- [WORK REQUIRED]
Give back every record below in full and exactly, but without a single image.
+ + + + + + +
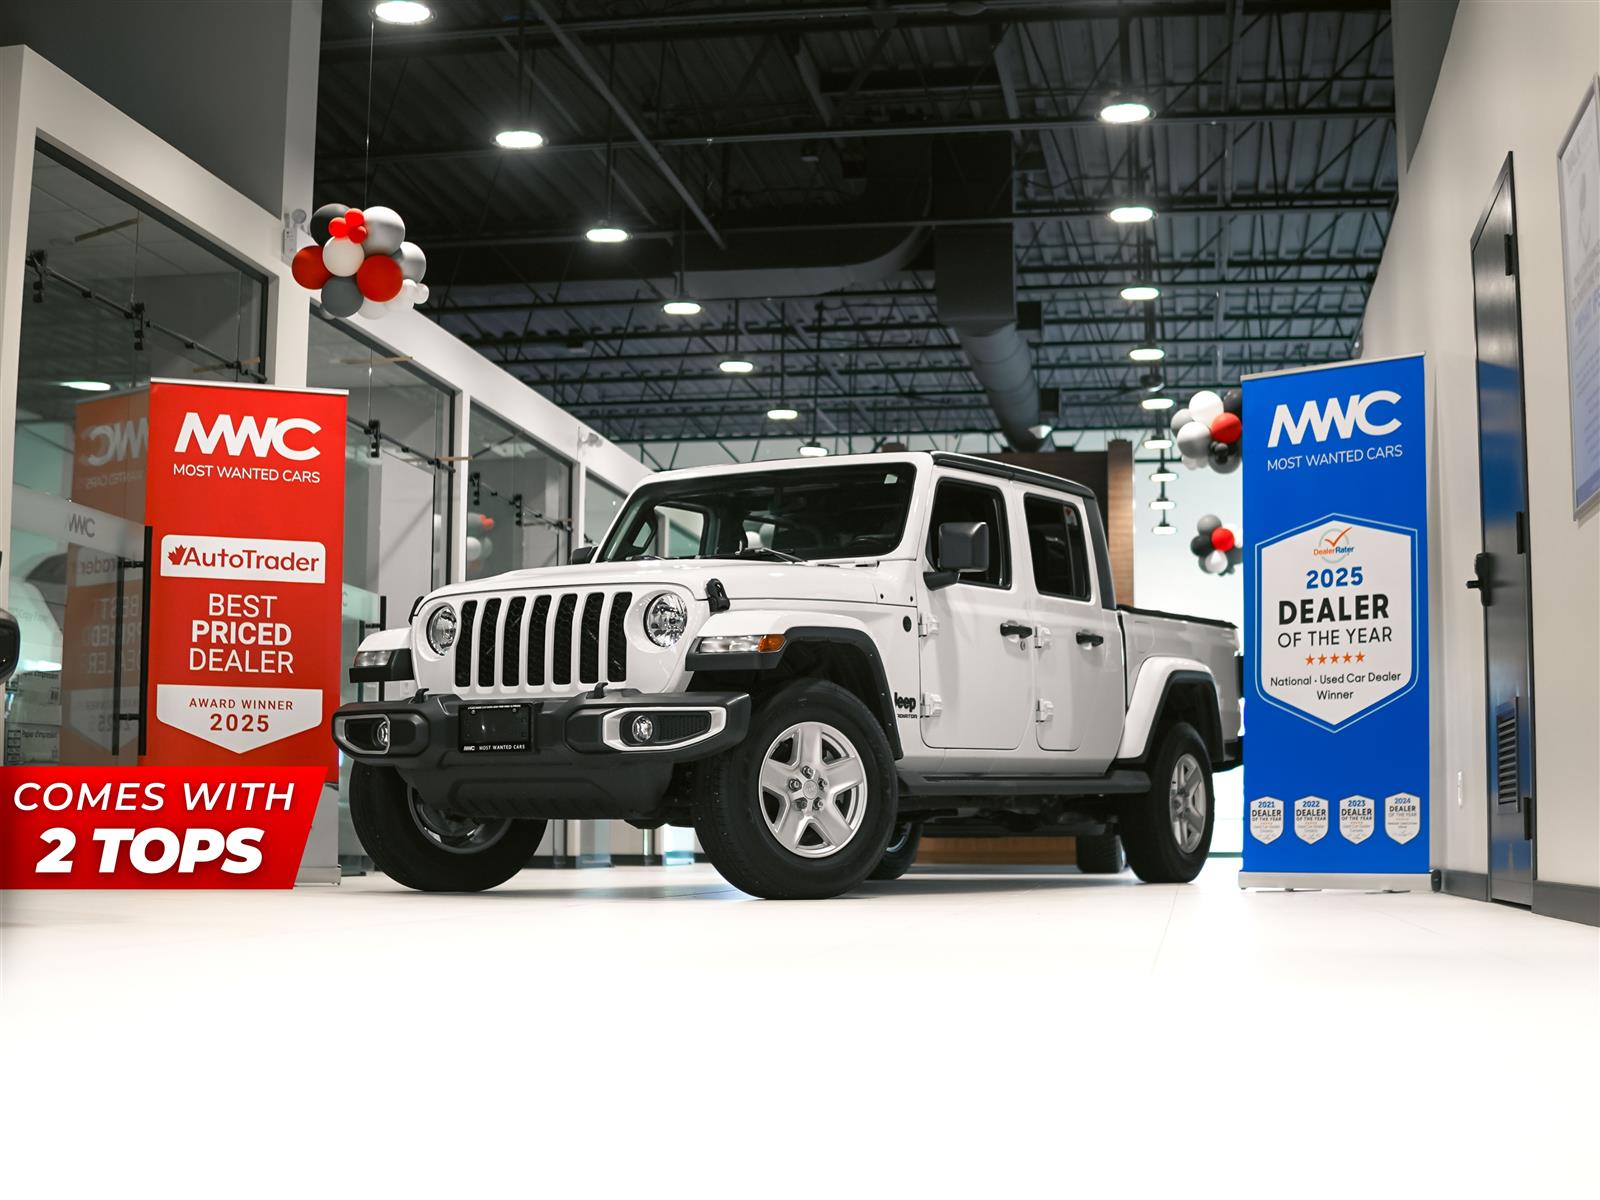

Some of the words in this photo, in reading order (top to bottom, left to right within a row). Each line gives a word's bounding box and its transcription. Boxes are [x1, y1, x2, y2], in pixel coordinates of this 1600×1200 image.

[1267, 390, 1402, 448] MWC
[174, 412, 322, 461] MWC
[1267, 456, 1302, 471] MOST
[1305, 449, 1364, 467] WANTED
[1366, 444, 1403, 461] CARS
[173, 463, 214, 477] MOST
[217, 466, 279, 482] WANTED
[282, 469, 321, 484] CARS
[183, 546, 320, 572] AutoTrader
[1306, 566, 1364, 589] 2025
[209, 593, 278, 619] BEST
[1279, 593, 1389, 625] DEALER
[192, 620, 292, 646] PRICED
[1278, 631, 1302, 648] OF
[1308, 629, 1340, 647] THE
[1346, 626, 1392, 645] YEAR
[190, 647, 294, 674] DEALER
[1270, 675, 1312, 687] National
[1320, 673, 1344, 685] Used
[1346, 672, 1366, 684] Car
[1368, 671, 1402, 682] Dealer
[189, 698, 236, 709] AWARD
[241, 699, 294, 711] WINNER
[1316, 689, 1354, 700] Winner
[210, 713, 270, 733] 2025
[1252, 809, 1282, 817] DEALER
[1303, 800, 1320, 808] 2022
[1341, 808, 1372, 816] DEALER
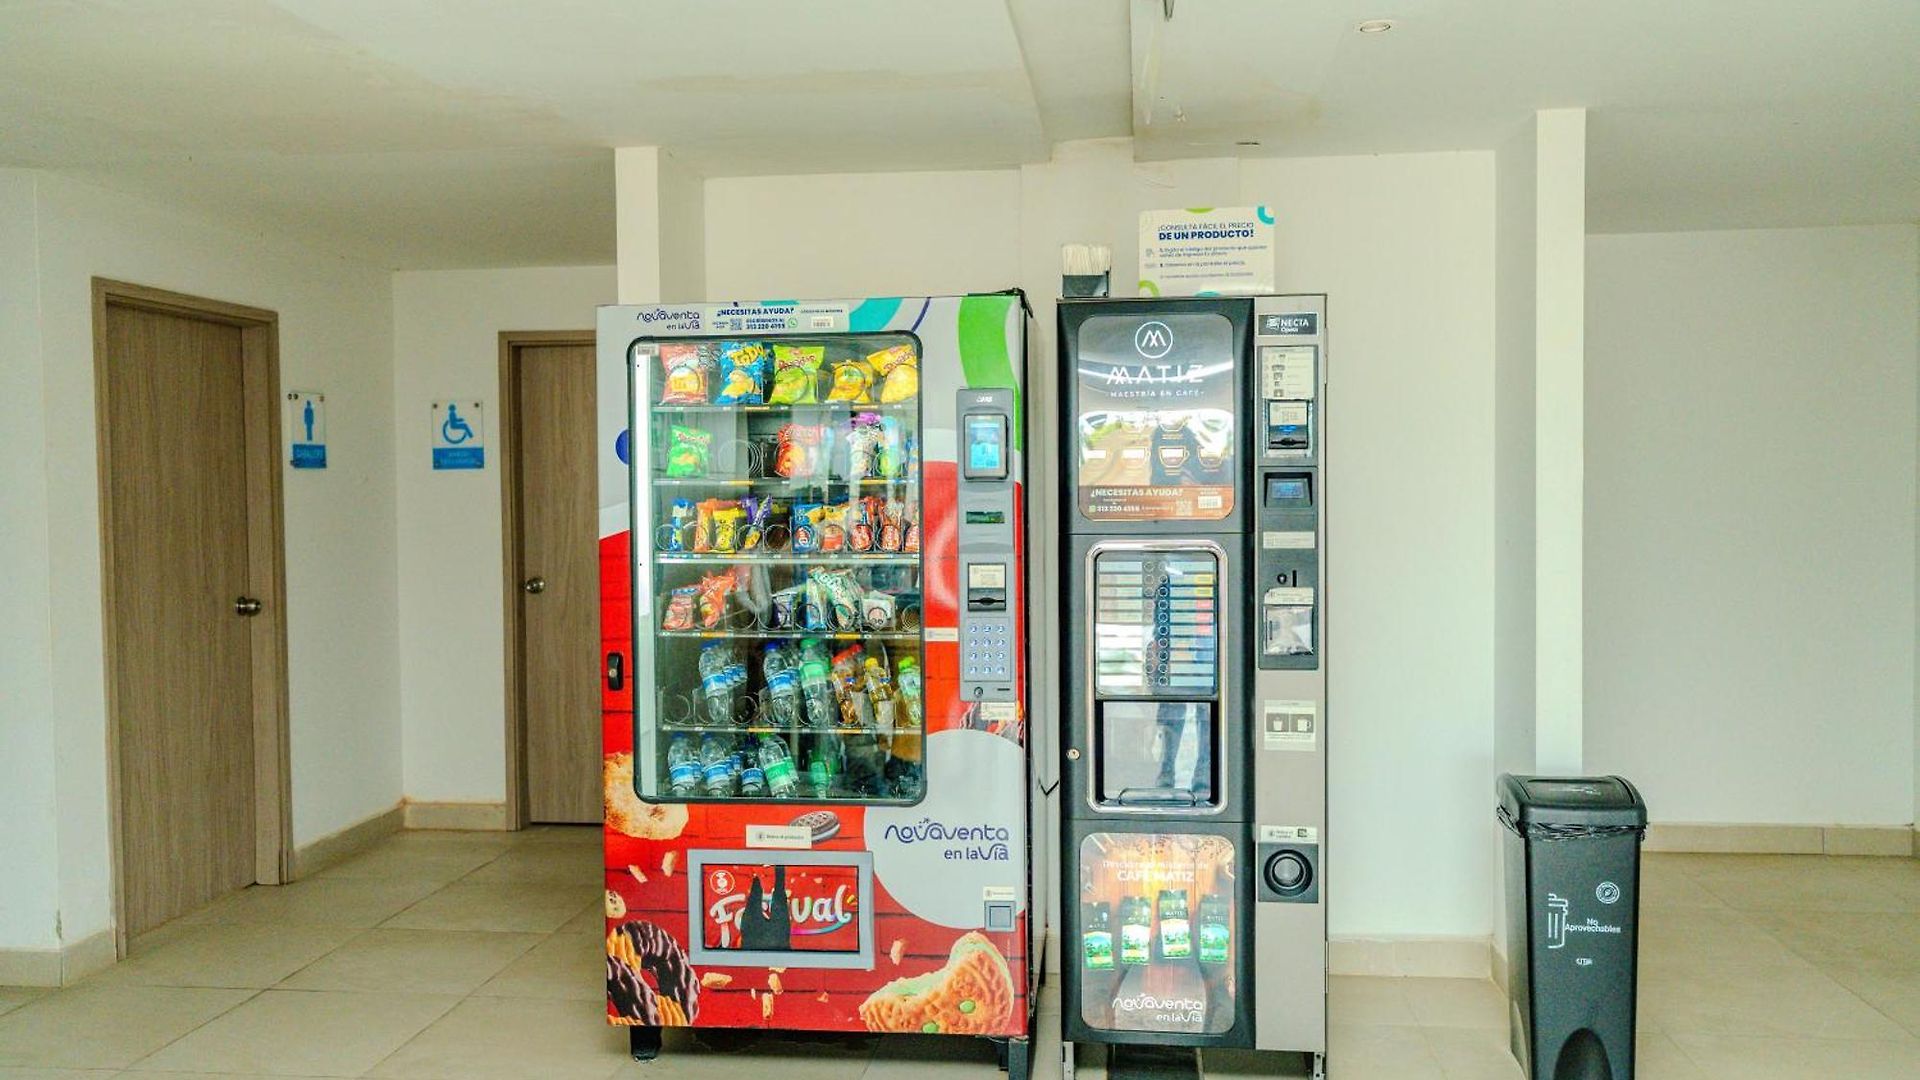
+ + + + + + +
- [RESPONSE TO THIS EXERCISE]
Some of the words in this photo, in reading order (top to bottom, left to right within a row). Each line gives a word's bounding box and its transcription. Boxes are [x1, y1, x2, y2], in pixel coordinates of this 1600×1200 image.

[1267, 390, 1402, 448] MWC
[174, 412, 322, 461] MWC
[1267, 456, 1302, 471] MOST
[1305, 449, 1364, 467] WANTED
[1366, 444, 1403, 461] CARS
[173, 463, 214, 477] MOST
[217, 466, 279, 482] WANTED
[282, 469, 321, 484] CARS
[183, 546, 320, 572] AutoTrader
[1306, 566, 1364, 589] 2025
[209, 593, 278, 619] BEST
[1279, 593, 1389, 625] DEALER
[192, 620, 292, 646] PRICED
[1278, 631, 1302, 648] OF
[1308, 629, 1340, 647] THE
[1346, 626, 1392, 645] YEAR
[190, 647, 294, 674] DEALER
[1270, 675, 1312, 687] National
[1320, 673, 1344, 685] Used
[1346, 672, 1366, 684] Car
[1368, 671, 1402, 682] Dealer
[189, 698, 236, 709] AWARD
[241, 699, 294, 711] WINNER
[1316, 689, 1354, 700] Winner
[210, 713, 270, 733] 2025
[1252, 809, 1282, 817] DEALER
[1303, 800, 1320, 808] 2022
[1341, 808, 1372, 816] DEALER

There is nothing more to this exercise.